País de doidos varridos

Aumenta o número de portugueses a precisar de internamento, diria até que a nossa sociedade, como um todo, tem uma noção distorcida da realidade, não bate bem, pronto.

Integro-me alegremente no desatino coletivo – ainda há dias escrevi que Lincoln foi o primeiro Presidente dos Estados Unidos e houve “apenas” 15 antes dele… – mas, existindo prioridades, cedo o meu lugar nas urgências aos mais necessitados. Como é o caso da rapaziada dos serviços de viação não sei das quantas, que tentou agora passar a multar os condutores das ambulâncias por excesso de velocidade (!), como se, para salvarem vidas, não as víssemos, desde sempre, a ignorarem sinais vermelhos, pisarem riscos contínuos ou circularem fora de mão. É de doidos varridos.

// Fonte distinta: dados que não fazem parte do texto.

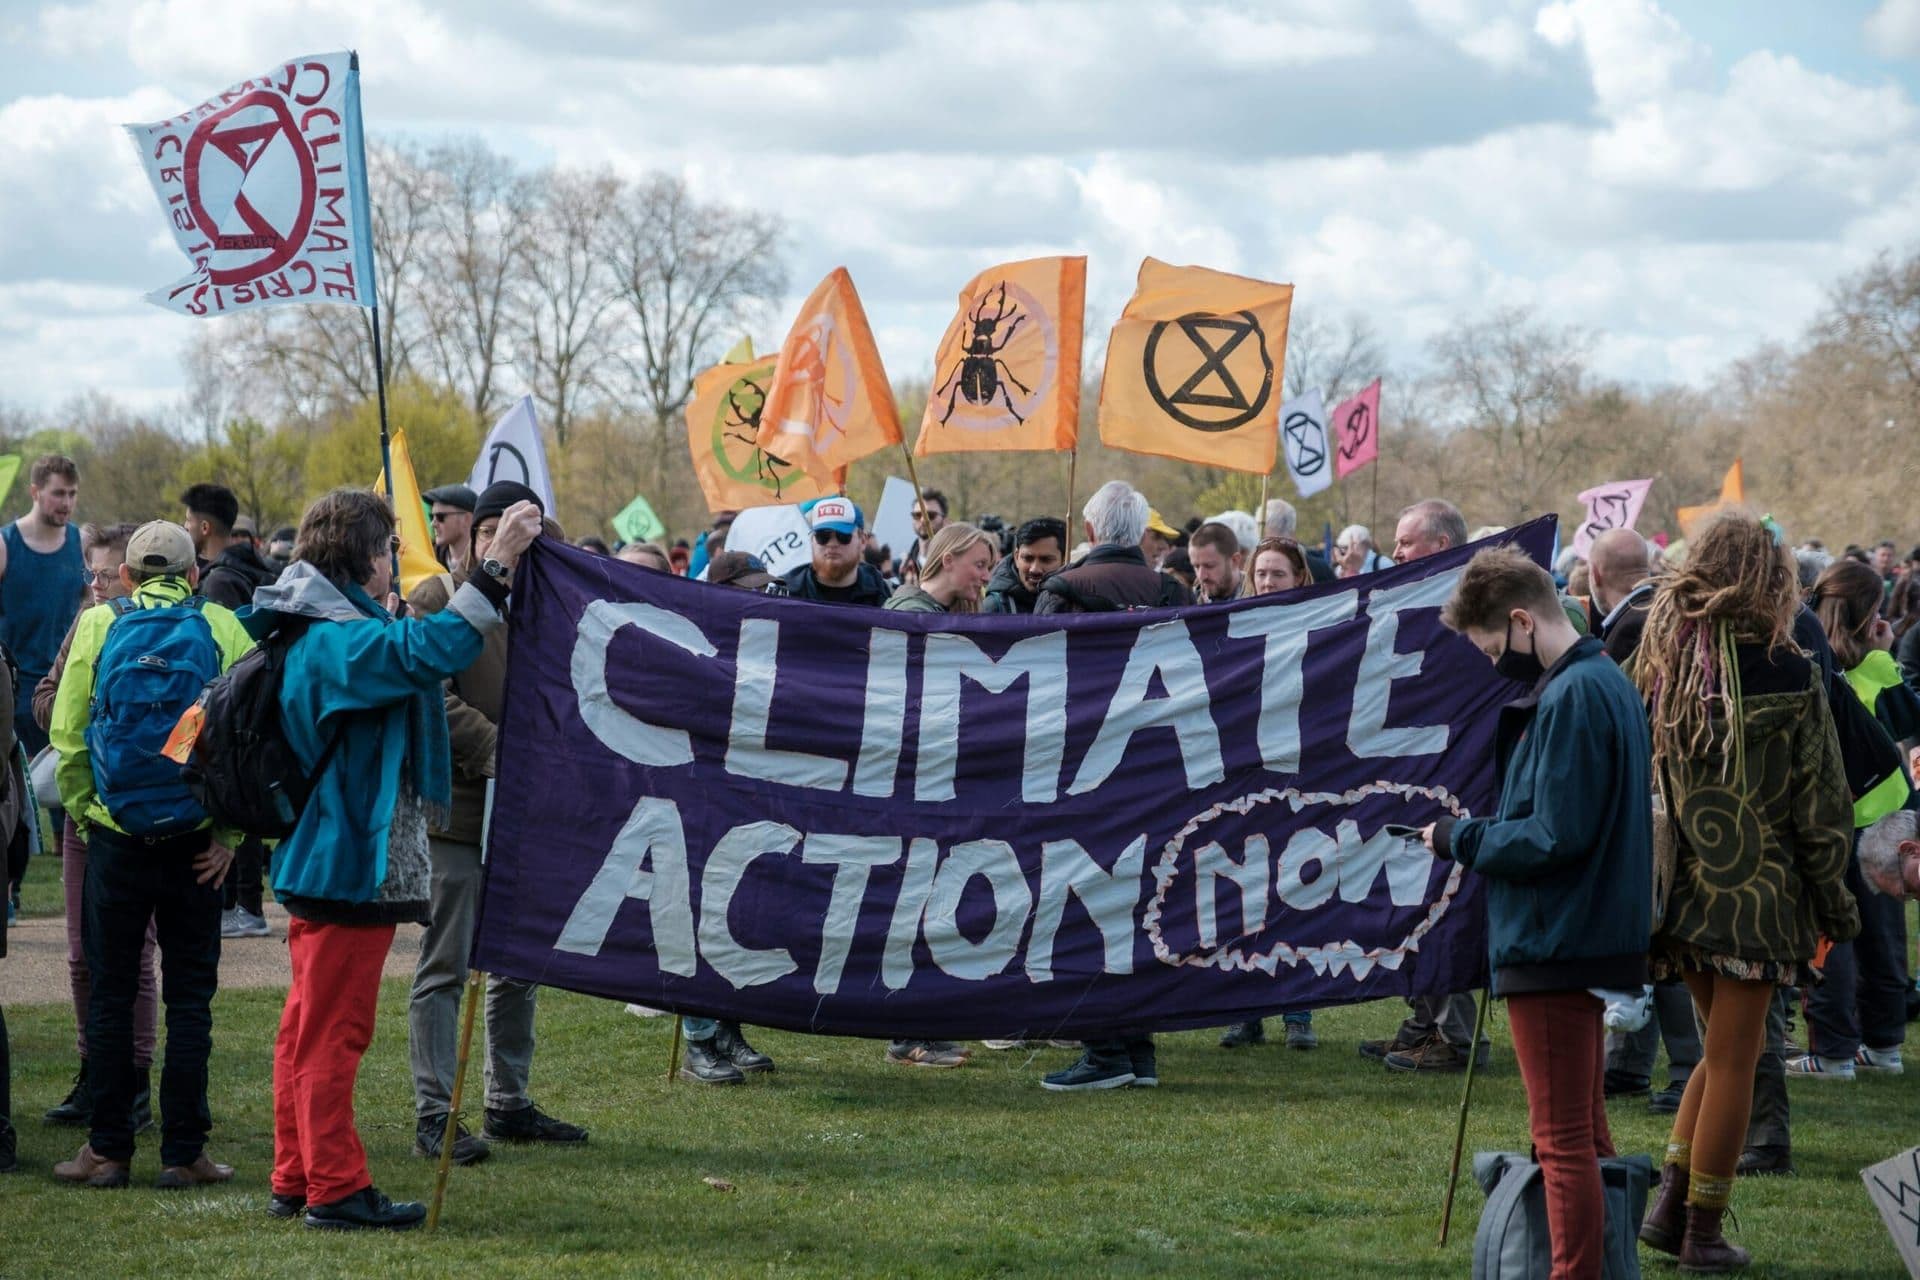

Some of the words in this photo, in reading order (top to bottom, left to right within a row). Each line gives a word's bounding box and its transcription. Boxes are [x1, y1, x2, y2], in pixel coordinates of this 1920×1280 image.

Mas andava eu enrolado nesta onda delirante quando a CMTV me mostrou os interrogatórios que José Sócrates fez aos tipos que o mandaram prender, cenas a que não faltaram gritos, dedos espetados, trejeitos, murros na mesa, bravos e pás, muitos pás, que transformaram uma questão judicial num pleito político ao jeito do cliente. Espero que em próximos capítulos saibamos se algum procurador foi detido.

Por alguma coisa, após tantos anos de ameaças, nunca fecharam o Júlio de Matos.